Task directions. The answer should contain every entry below, copied exactly.

Provided records.
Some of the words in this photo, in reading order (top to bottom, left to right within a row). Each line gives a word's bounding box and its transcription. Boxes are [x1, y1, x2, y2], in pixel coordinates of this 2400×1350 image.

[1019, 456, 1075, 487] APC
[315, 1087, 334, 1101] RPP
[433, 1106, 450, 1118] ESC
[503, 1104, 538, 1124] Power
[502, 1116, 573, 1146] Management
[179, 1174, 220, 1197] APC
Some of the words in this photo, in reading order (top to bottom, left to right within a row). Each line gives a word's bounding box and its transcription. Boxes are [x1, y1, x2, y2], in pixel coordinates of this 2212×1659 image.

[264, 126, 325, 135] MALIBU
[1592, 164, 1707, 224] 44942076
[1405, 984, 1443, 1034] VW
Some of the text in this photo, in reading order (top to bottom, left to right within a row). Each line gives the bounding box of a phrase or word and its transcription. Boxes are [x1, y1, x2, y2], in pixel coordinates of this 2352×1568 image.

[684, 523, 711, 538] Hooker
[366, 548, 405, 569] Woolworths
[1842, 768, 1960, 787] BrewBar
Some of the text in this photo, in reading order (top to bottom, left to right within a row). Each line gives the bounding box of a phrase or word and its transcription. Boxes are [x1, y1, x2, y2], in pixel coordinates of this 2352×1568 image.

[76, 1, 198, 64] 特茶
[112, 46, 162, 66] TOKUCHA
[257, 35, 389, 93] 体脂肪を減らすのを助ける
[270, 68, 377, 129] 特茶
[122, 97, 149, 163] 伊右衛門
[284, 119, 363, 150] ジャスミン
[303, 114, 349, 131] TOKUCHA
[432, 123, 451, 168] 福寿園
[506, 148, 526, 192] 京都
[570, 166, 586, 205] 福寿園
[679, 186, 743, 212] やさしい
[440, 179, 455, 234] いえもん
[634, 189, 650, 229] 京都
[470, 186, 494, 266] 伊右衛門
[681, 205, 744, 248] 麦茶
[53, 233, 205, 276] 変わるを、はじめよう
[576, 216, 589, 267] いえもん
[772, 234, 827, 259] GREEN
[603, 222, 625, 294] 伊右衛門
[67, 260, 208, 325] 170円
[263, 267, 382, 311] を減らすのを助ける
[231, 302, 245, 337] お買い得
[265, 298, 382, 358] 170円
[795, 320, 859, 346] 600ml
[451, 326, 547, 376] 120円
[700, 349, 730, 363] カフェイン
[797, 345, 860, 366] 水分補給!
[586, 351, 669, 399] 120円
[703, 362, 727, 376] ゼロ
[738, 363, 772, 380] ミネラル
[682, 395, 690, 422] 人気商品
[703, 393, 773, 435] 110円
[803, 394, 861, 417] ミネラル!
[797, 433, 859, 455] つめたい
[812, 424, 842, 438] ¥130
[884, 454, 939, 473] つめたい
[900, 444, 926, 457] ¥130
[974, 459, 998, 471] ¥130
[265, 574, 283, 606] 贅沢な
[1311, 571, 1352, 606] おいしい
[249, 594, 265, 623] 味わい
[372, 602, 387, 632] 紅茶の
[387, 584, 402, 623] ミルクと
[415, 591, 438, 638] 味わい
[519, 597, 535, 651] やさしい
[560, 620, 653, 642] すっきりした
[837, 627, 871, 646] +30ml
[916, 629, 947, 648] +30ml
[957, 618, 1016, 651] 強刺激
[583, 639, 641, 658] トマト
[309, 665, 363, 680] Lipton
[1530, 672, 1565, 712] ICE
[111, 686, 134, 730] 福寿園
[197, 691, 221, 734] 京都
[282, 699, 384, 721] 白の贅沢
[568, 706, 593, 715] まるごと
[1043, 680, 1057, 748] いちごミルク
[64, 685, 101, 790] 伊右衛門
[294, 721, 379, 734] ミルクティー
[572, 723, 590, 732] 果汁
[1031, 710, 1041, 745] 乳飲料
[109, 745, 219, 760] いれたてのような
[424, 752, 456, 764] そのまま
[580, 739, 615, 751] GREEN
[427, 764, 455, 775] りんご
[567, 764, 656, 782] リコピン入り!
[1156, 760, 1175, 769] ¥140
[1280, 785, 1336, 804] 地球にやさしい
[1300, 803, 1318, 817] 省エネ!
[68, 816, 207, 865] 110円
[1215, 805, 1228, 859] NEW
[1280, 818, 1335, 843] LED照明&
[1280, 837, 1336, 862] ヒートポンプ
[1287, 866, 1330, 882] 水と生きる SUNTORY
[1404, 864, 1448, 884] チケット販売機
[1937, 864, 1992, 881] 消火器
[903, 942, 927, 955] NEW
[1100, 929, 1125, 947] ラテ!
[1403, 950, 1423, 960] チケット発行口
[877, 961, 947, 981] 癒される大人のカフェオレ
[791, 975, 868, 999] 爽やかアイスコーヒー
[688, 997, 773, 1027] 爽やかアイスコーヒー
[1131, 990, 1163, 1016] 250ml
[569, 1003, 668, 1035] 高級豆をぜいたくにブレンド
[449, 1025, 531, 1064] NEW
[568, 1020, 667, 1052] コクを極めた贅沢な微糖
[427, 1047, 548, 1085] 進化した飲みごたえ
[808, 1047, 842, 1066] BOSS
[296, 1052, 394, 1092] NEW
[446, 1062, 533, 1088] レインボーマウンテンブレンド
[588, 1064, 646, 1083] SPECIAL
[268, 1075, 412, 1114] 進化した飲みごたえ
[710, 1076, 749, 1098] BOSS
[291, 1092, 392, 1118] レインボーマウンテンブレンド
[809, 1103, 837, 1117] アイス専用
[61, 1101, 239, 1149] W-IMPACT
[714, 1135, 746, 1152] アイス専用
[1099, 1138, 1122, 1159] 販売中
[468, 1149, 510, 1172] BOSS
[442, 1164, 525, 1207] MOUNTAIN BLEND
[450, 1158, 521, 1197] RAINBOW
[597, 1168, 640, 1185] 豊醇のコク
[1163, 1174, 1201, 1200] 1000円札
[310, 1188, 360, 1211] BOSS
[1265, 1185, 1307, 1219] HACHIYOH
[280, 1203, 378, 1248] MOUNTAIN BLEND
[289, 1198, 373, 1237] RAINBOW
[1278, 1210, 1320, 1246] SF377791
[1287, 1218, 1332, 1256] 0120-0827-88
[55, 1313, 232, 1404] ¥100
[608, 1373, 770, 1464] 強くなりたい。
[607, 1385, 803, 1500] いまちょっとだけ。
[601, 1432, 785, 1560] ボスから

Output for this task.
Some of the words in this photo, in reading order (top to bottom, left to right within a row). Each line gives a word's bounding box and its transcription. Boxes are [x1, y1, x2, y2], in pixel coordinates of this 2400×1350 image.

[1019, 456, 1075, 487] APC
[315, 1087, 334, 1101] RPP
[433, 1106, 450, 1118] ESC
[503, 1104, 538, 1124] Power
[502, 1116, 573, 1146] Management
[179, 1174, 220, 1197] APC
Some of the words in this photo, in reading order (top to bottom, left to right within a row). Each line gives a word's bounding box and its transcription. Boxes are [x1, y1, x2, y2], in pixel coordinates of this 2212×1659 image.

[264, 126, 325, 135] MALIBU
[1592, 164, 1707, 224] 44942076
[1405, 984, 1443, 1034] VW
Some of the text in this photo, in reading order (top to bottom, left to right within a row). Each line gives the bounding box of a phrase or word and its transcription. Boxes are [x1, y1, x2, y2], in pixel coordinates of this 2352×1568 image.

[684, 523, 711, 538] Hooker
[366, 548, 405, 569] Woolworths
[1842, 768, 1960, 787] BrewBar
Some of the text in this photo, in reading order (top to bottom, left to right within a row). Each line gives the bounding box of a phrase or word and its transcription. Boxes are [x1, y1, x2, y2], in pixel coordinates of this 2352×1568 image.

[76, 1, 198, 64] 特茶
[112, 46, 162, 66] TOKUCHA
[257, 35, 389, 93] 体脂肪を減らすのを助ける
[270, 68, 377, 129] 特茶
[122, 97, 149, 163] 伊右衛門
[284, 119, 363, 150] ジャスミン
[303, 114, 349, 131] TOKUCHA
[432, 123, 451, 168] 福寿園
[506, 148, 526, 192] 京都
[570, 166, 586, 205] 福寿園
[679, 186, 743, 212] やさしい
[440, 179, 455, 234] いえもん
[634, 189, 650, 229] 京都
[470, 186, 494, 266] 伊右衛門
[681, 205, 744, 248] 麦茶
[53, 233, 205, 276] 変わるを、はじめよう
[576, 216, 589, 267] いえもん
[772, 234, 827, 259] GREEN
[603, 222, 625, 294] 伊右衛門
[67, 260, 208, 325] 170円
[263, 267, 382, 311] を減らすのを助ける
[231, 302, 245, 337] お買い得
[265, 298, 382, 358] 170円
[795, 320, 859, 346] 600ml
[451, 326, 547, 376] 120円
[700, 349, 730, 363] カフェイン
[797, 345, 860, 366] 水分補給!
[586, 351, 669, 399] 120円
[703, 362, 727, 376] ゼロ
[738, 363, 772, 380] ミネラル
[682, 395, 690, 422] 人気商品
[703, 393, 773, 435] 110円
[803, 394, 861, 417] ミネラル!
[797, 433, 859, 455] つめたい
[812, 424, 842, 438] ¥130
[884, 454, 939, 473] つめたい
[900, 444, 926, 457] ¥130
[974, 459, 998, 471] ¥130
[265, 574, 283, 606] 贅沢な
[1311, 571, 1352, 606] おいしい
[249, 594, 265, 623] 味わい
[372, 602, 387, 632] 紅茶の
[387, 584, 402, 623] ミルクと
[415, 591, 438, 638] 味わい
[519, 597, 535, 651] やさしい
[560, 620, 653, 642] すっきりした
[837, 627, 871, 646] +30ml
[916, 629, 947, 648] +30ml
[957, 618, 1016, 651] 強刺激
[583, 639, 641, 658] トマト
[309, 665, 363, 680] Lipton
[1530, 672, 1565, 712] ICE
[111, 686, 134, 730] 福寿園
[197, 691, 221, 734] 京都
[282, 699, 384, 721] 白の贅沢
[568, 706, 593, 715] まるごと
[1043, 680, 1057, 748] いちごミルク
[64, 685, 101, 790] 伊右衛門
[294, 721, 379, 734] ミルクティー
[572, 723, 590, 732] 果汁
[1031, 710, 1041, 745] 乳飲料
[109, 745, 219, 760] いれたてのような
[424, 752, 456, 764] そのまま
[580, 739, 615, 751] GREEN
[427, 764, 455, 775] りんご
[567, 764, 656, 782] リコピン入り!
[1156, 760, 1175, 769] ¥140
[1280, 785, 1336, 804] 地球にやさしい
[1300, 803, 1318, 817] 省エネ!
[68, 816, 207, 865] 110円
[1215, 805, 1228, 859] NEW
[1280, 818, 1335, 843] LED照明&
[1280, 837, 1336, 862] ヒートポンプ
[1287, 866, 1330, 882] 水と生きる SUNTORY
[1404, 864, 1448, 884] チケット販売機
[1937, 864, 1992, 881] 消火器
[903, 942, 927, 955] NEW
[1100, 929, 1125, 947] ラテ!
[1403, 950, 1423, 960] チケット発行口
[877, 961, 947, 981] 癒される大人のカフェオレ
[791, 975, 868, 999] 爽やかアイスコーヒー
[688, 997, 773, 1027] 爽やかアイスコーヒー
[1131, 990, 1163, 1016] 250ml
[569, 1003, 668, 1035] 高級豆をぜいたくにブレンド
[449, 1025, 531, 1064] NEW
[568, 1020, 667, 1052] コクを極めた贅沢な微糖
[427, 1047, 548, 1085] 進化した飲みごたえ
[808, 1047, 842, 1066] BOSS
[296, 1052, 394, 1092] NEW
[446, 1062, 533, 1088] レインボーマウンテンブレンド
[588, 1064, 646, 1083] SPECIAL
[268, 1075, 412, 1114] 進化した飲みごたえ
[710, 1076, 749, 1098] BOSS
[291, 1092, 392, 1118] レインボーマウンテンブレンド
[809, 1103, 837, 1117] アイス専用
[61, 1101, 239, 1149] W-IMPACT
[714, 1135, 746, 1152] アイス専用
[1099, 1138, 1122, 1159] 販売中
[468, 1149, 510, 1172] BOSS
[442, 1164, 525, 1207] MOUNTAIN BLEND
[450, 1158, 521, 1197] RAINBOW
[597, 1168, 640, 1185] 豊醇のコク
[1163, 1174, 1201, 1200] 1000円札
[310, 1188, 360, 1211] BOSS
[1265, 1185, 1307, 1219] HACHIYOH
[280, 1203, 378, 1248] MOUNTAIN BLEND
[289, 1198, 373, 1237] RAINBOW
[1278, 1210, 1320, 1246] SF377791
[1287, 1218, 1332, 1256] 0120-0827-88
[55, 1313, 232, 1404] ¥100
[608, 1373, 770, 1464] 強くなりたい。
[607, 1385, 803, 1500] いまちょっとだけ。
[601, 1432, 785, 1560] ボスから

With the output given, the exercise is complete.